:: Exercise instructions ::
I would like every line of the records below that contains the word "Plan" copied.

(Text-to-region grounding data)
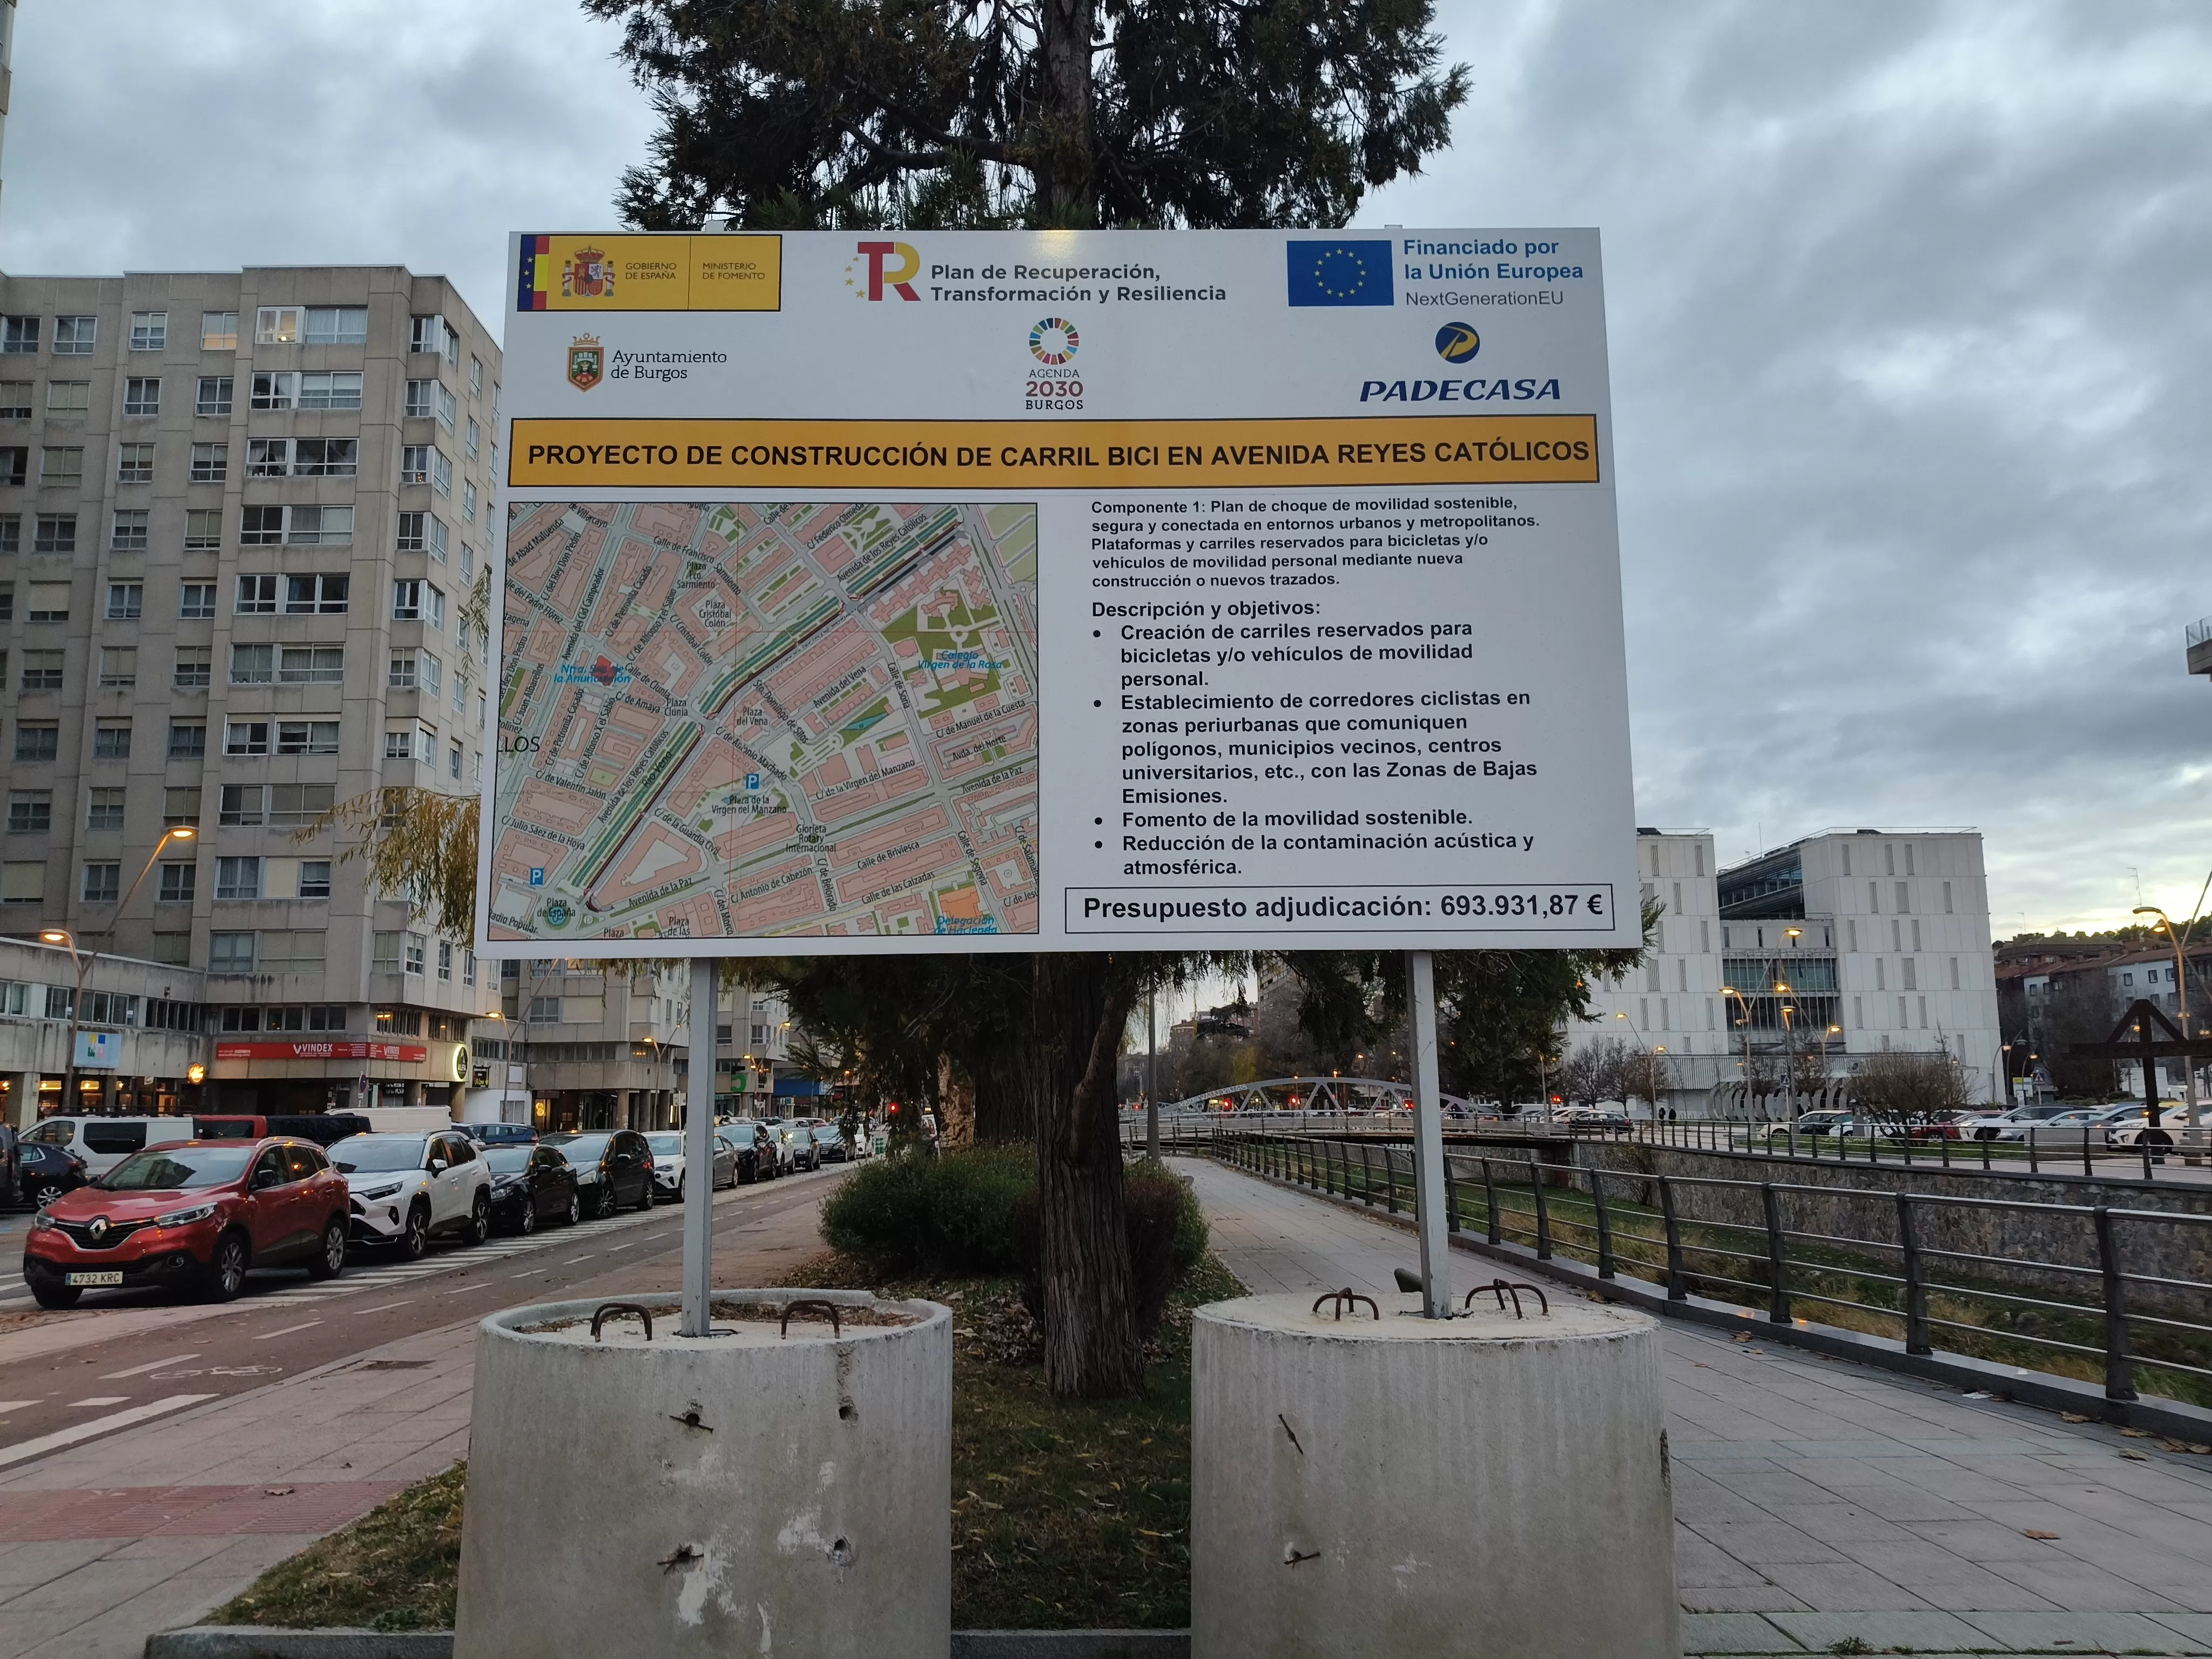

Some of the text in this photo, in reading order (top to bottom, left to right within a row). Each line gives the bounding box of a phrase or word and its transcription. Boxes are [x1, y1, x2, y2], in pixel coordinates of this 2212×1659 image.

[1404, 239, 1559, 258] Financiado por
[625, 262, 677, 271] GOBIERNO
[703, 262, 757, 271] MINISTERIO
[932, 263, 1160, 282] Plan de Recuperación,
[1405, 263, 1583, 282] la Unión Europea
[625, 270, 677, 280] DE ESPAÑA
[702, 272, 766, 280] DE FOMENTO
[930, 285, 1226, 304] Transformación y Resiliencia
[1406, 291, 1563, 306] NextGenerationEU
[611, 349, 727, 367] Ayuntamiento
[610, 365, 687, 382] de Burgos
[1028, 368, 1080, 379] AGENDA
[1025, 380, 1083, 397] 2030
[1359, 379, 1560, 402] PADECASA
[1026, 400, 1083, 411] BURGOS
[529, 436, 1589, 467] PROYECTO DE CONSTRUCCIÓN DE CARRIL BICI EN AVENIDA REYES CATÓLICOS
[1091, 496, 1517, 516] Componente 1: Plan de choque de movilidad sostenible,
[1092, 515, 1540, 535] segura y conectada en entornos urbanos y metropolitanos.
[1091, 533, 1488, 553] Plataformas y carriles reservados para bicicletas y/o
[1092, 553, 1463, 570] vehículos de movilidad personal mediante nueva
[1092, 572, 1339, 588] construcción o nuevos trazados.
[706, 599, 725, 609] Plaza
[1092, 600, 1320, 621] Descripción y objetivos:
[699, 609, 732, 618] Cristóbal
[705, 618, 725, 628] Colón
[1121, 621, 1472, 640] Creación de carriles reservados para
[941, 650, 979, 662] Colegio
[1121, 643, 1473, 666] bicicletas y/o vehículos de movilidad
[918, 659, 1002, 670] Virgen de la Rosa
[1122, 671, 1209, 690] personal.
[667, 698, 686, 707] Plaza
[1122, 690, 1530, 710] Establecimiento de corredores ciclistas en
[664, 707, 688, 717] Clunia
[742, 706, 762, 716] Plaza
[737, 716, 768, 726] del Vena
[1122, 714, 1467, 737] zonas periurbanas que comuniquen
[1122, 738, 1502, 760] polígonos, municipios vecinos, centros
[1122, 760, 1537, 781] universitarios, etc., con las Zonas de Bajas
[730, 794, 770, 804] Plaza de la
[1123, 788, 1227, 804] Emisiones.
[711, 804, 787, 816] Virgen del Manzano
[1123, 809, 1472, 827] Fomento de la movilidad sostenible.
[796, 824, 826, 833] Glorieta
[799, 833, 824, 844] Rotary
[1123, 832, 1534, 852] Reducción de la contaminación acústica y
[786, 843, 837, 853] Internacional
[1123, 859, 1242, 875] atmosférica.
[731, 867, 813, 903] C/ Antonio de Cabezón
[1084, 894, 1603, 923] Presupuesto adjudicación: 693.931,87 €
[302, 1043, 333, 1052] VINDEX
[72, 1273, 119, 1283] 4732 KRC

:: Written response ::
[932, 263, 1160, 282] Plan de Recuperación,
[1091, 496, 1517, 516] Componente 1: Plan de choque de movilidad sostenible,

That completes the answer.